• **Exercise inputs**
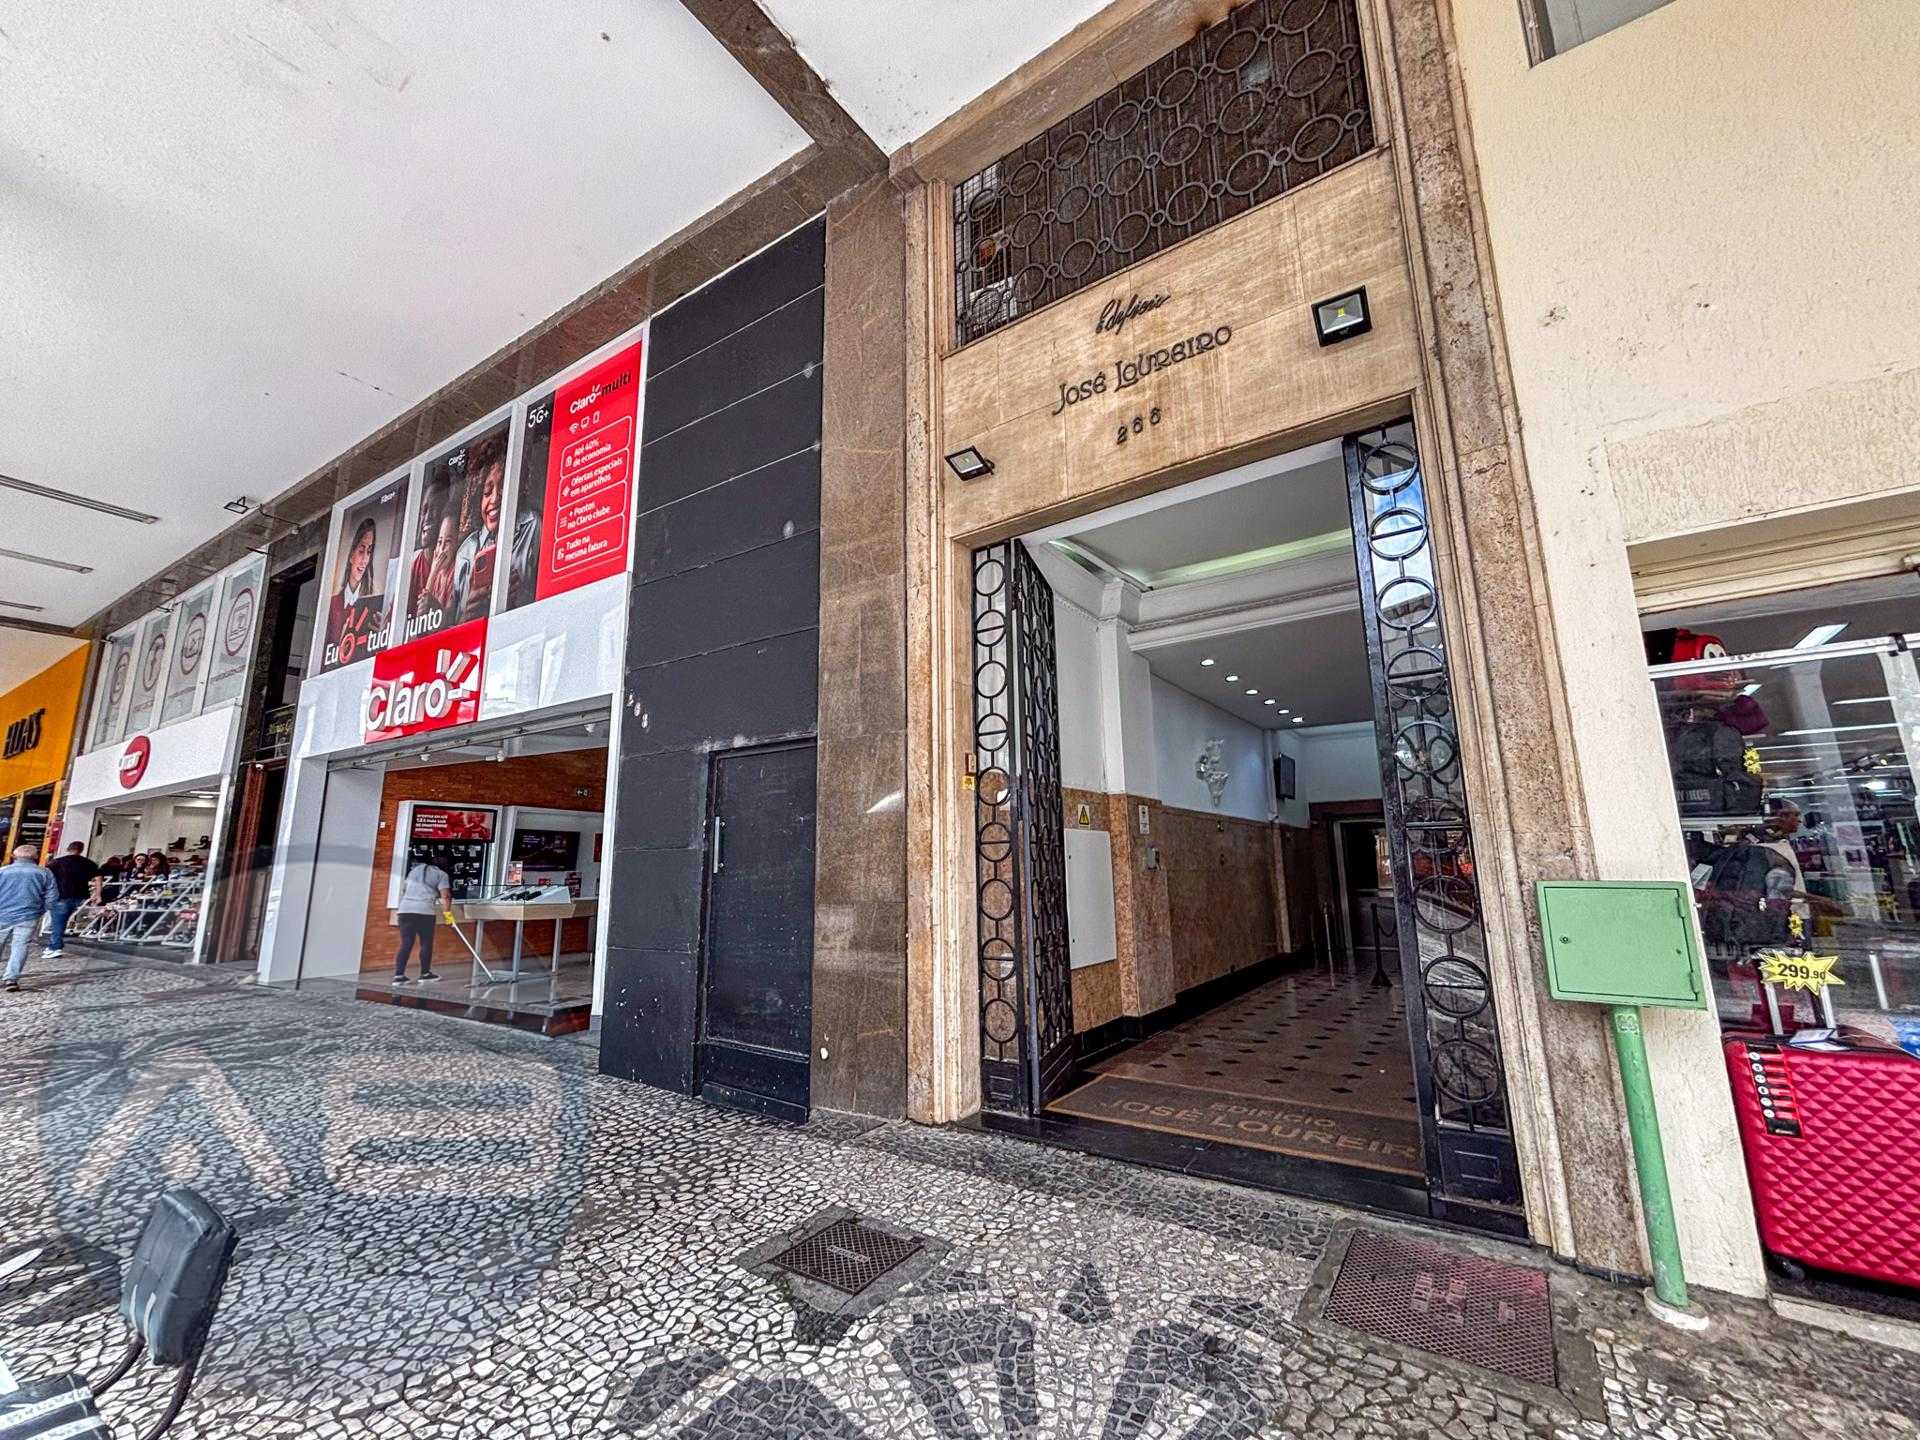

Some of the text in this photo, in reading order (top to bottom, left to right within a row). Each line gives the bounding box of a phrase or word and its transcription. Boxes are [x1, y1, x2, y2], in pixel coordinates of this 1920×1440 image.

[600, 370, 631, 397] multi
[404, 608, 443, 644] junto
[366, 668, 455, 731] Claro
[1209, 1110, 1420, 1160] LOUREIR
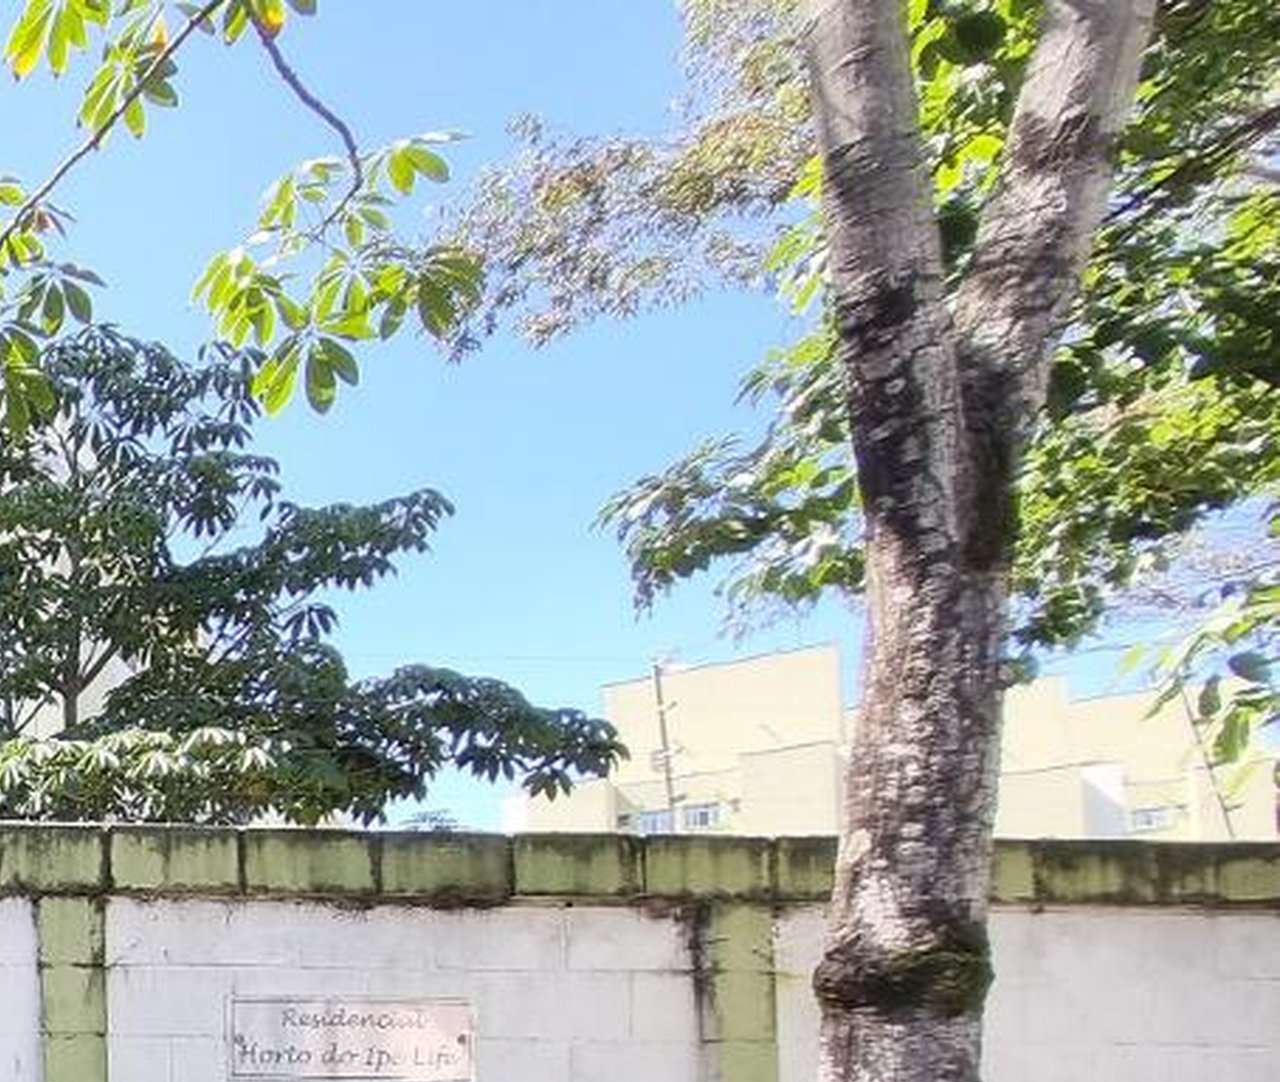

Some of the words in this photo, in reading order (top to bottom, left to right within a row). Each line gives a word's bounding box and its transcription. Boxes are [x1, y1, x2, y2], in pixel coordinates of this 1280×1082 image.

[281, 1006, 427, 1030] Residencial
[240, 1043, 312, 1066] Horto
[322, 1043, 359, 1066] do

• **What to work on**
If the material above contains pictures, exclude them from an otherwise exact transcription.

• **Answer space**
Some of the text in this photo, in reading order (top to bottom, left to right within a row). Each line gives the bounding box of a phrase or word and its transcription. Boxes are [x1, y1, x2, y2], in pixel coordinates of this 1920×1440 image.

[600, 370, 631, 397] multi
[404, 608, 443, 644] junto
[366, 668, 455, 731] Claro
[1209, 1110, 1420, 1160] LOUREIR

Some of the words in this photo, in reading order (top to bottom, left to right within a row). Each line gives a word's bounding box and its transcription. Boxes are [x1, y1, x2, y2], in pixel coordinates of this 1280×1082 image.

[281, 1006, 427, 1030] Residencial
[240, 1043, 312, 1066] Horto
[322, 1043, 359, 1066] do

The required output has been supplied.